— INPUT RECORDS —
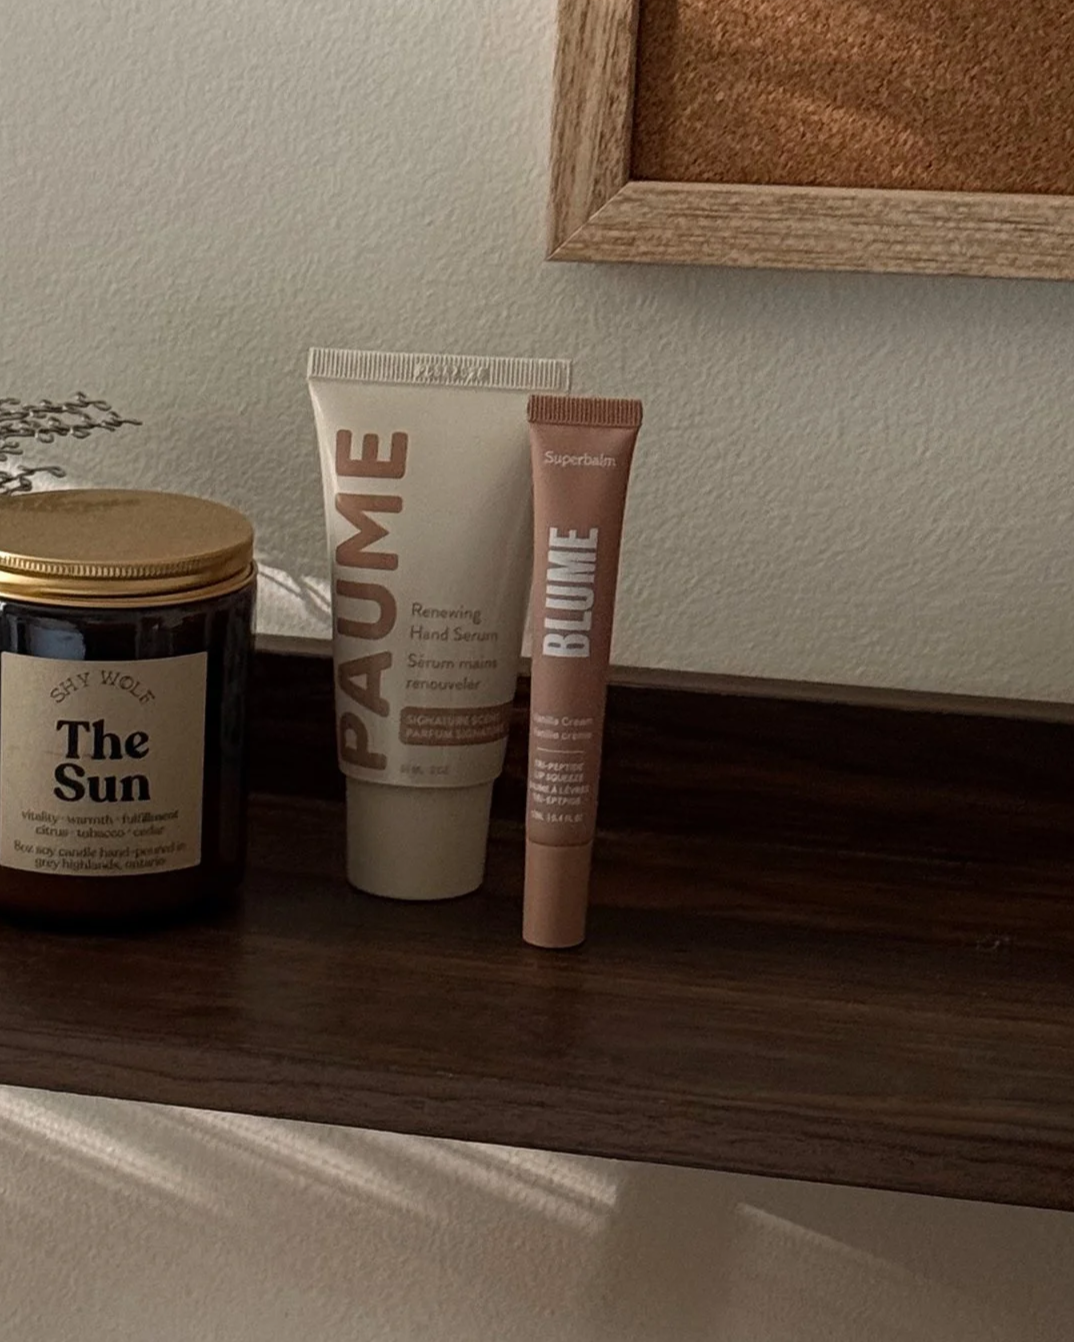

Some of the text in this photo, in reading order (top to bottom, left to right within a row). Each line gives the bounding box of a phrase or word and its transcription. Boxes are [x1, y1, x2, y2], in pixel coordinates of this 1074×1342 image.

[545, 450, 616, 467] Superbalm
[335, 429, 408, 770] PAUME
[542, 527, 599, 658] BLUME
[412, 602, 482, 625] Renewing
[410, 624, 498, 642] Hand Serum
[459, 658, 498, 670] mains
[50, 669, 155, 706] SHY WOLF
[56, 718, 149, 760] The
[54, 763, 151, 803] Sun
[21, 810, 58, 826] vitality
[68, 813, 114, 826] warmth
[34, 824, 69, 837] citrus
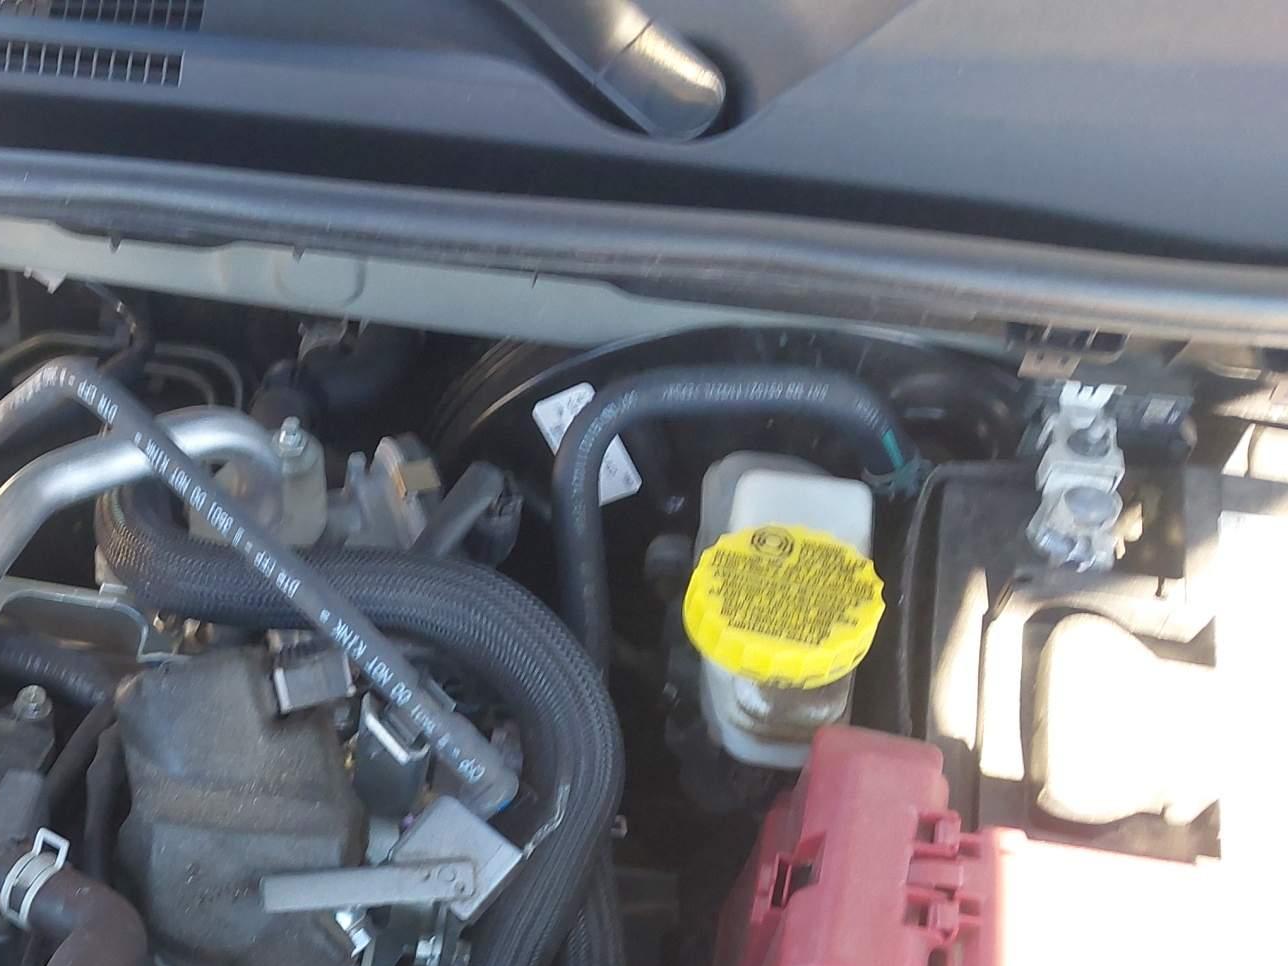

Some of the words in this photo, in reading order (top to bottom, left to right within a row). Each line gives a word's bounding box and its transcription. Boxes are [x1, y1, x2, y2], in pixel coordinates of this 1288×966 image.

[146, 439, 170, 473] KINK
[168, 467, 191, 496] NOT
[190, 485, 208, 512] DO
[333, 619, 367, 660] KINK
[365, 656, 394, 687] NOT
[391, 682, 412, 705] DO
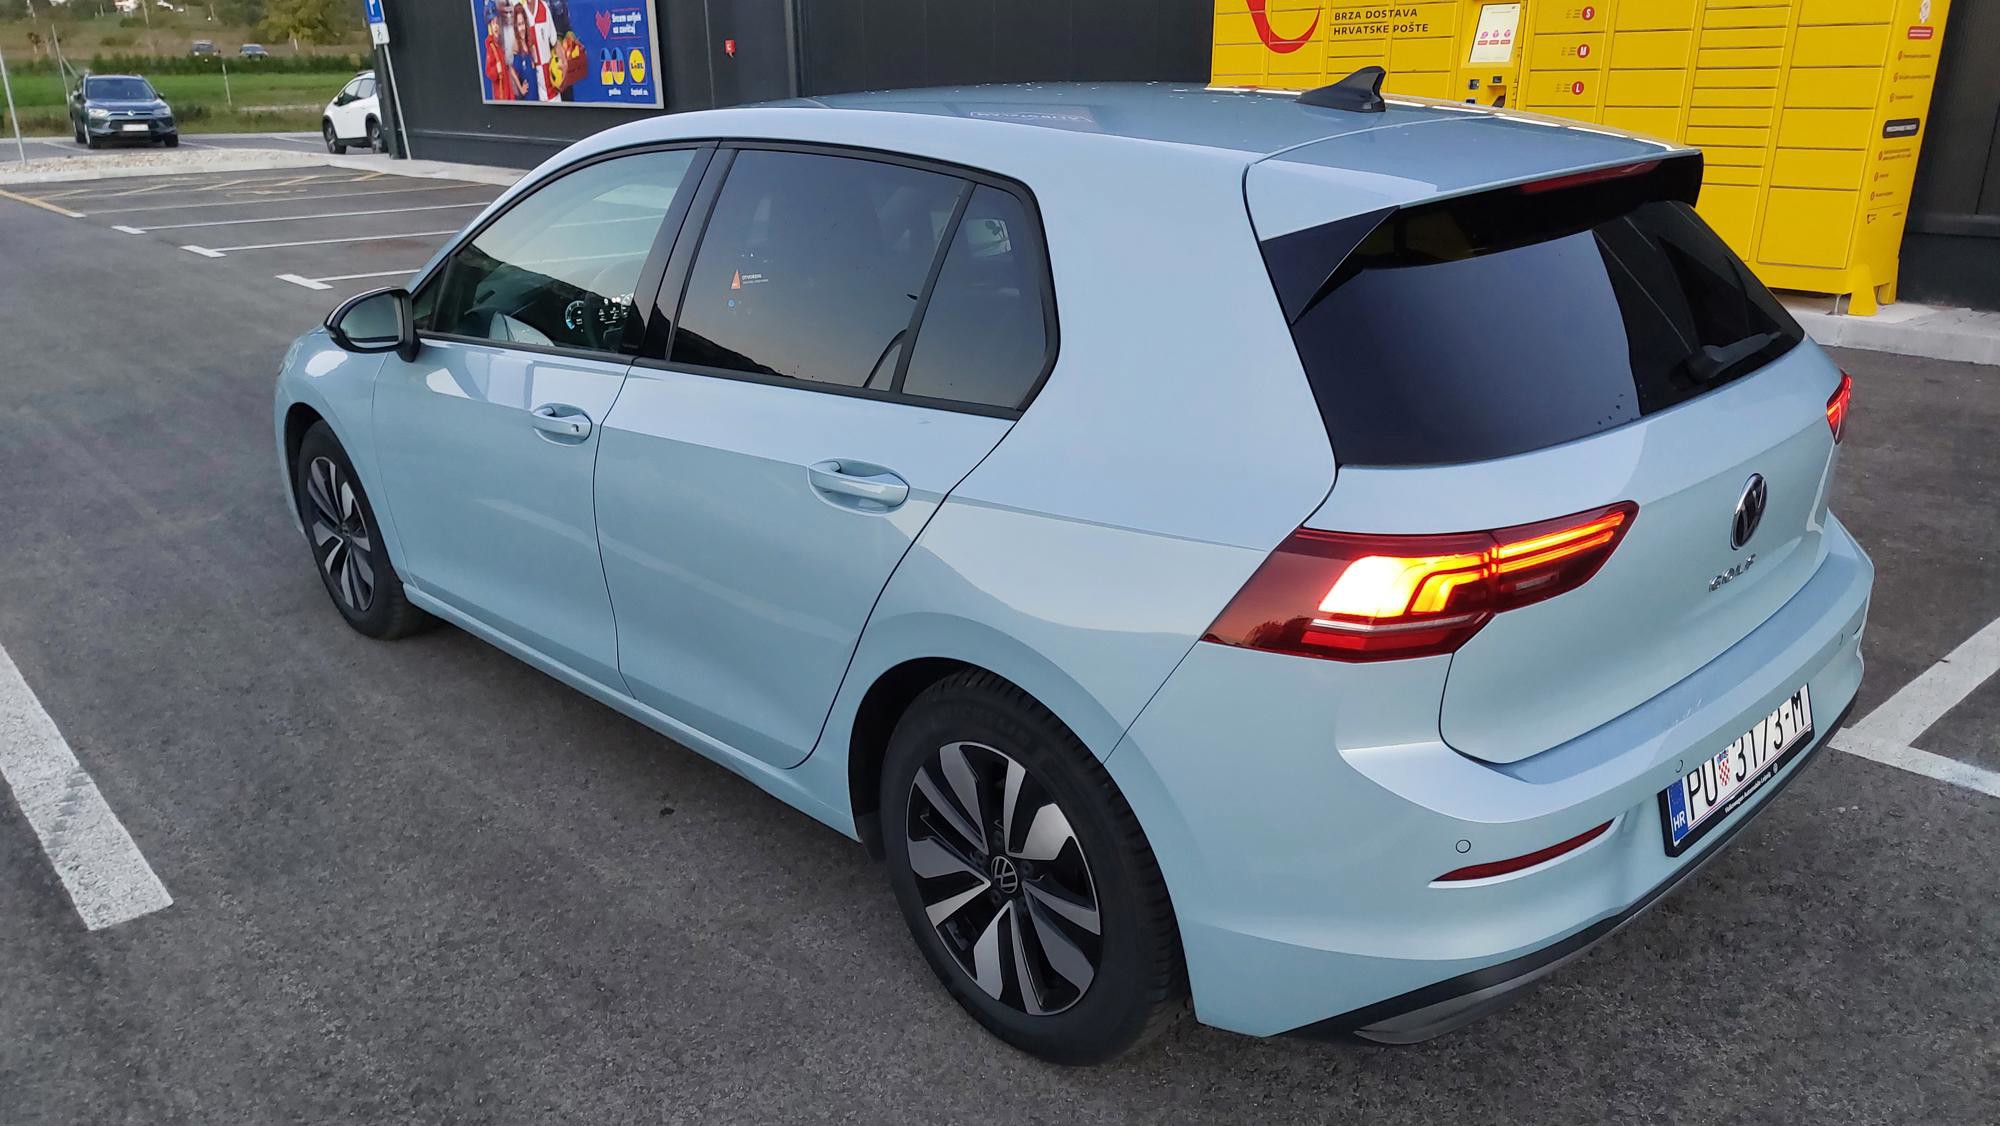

— WHAT IS NEEDED —
Give back, word for word, the lines from the one containing "Some of the words" through the last line of the listing above; include both ends and exclude the pictures.

— ANSWER AREA —
Some of the words in this photo, in reading order (top to bottom, left to right within a row). Each line gives a word's bounding box and its transcription. Boxes are [x1, y1, x2, y2], in pixel coordinates of this 1288×966 image.

[146, 439, 170, 473] KINK
[168, 467, 191, 496] NOT
[190, 485, 208, 512] DO
[333, 619, 367, 660] KINK
[365, 656, 394, 687] NOT
[391, 682, 412, 705] DO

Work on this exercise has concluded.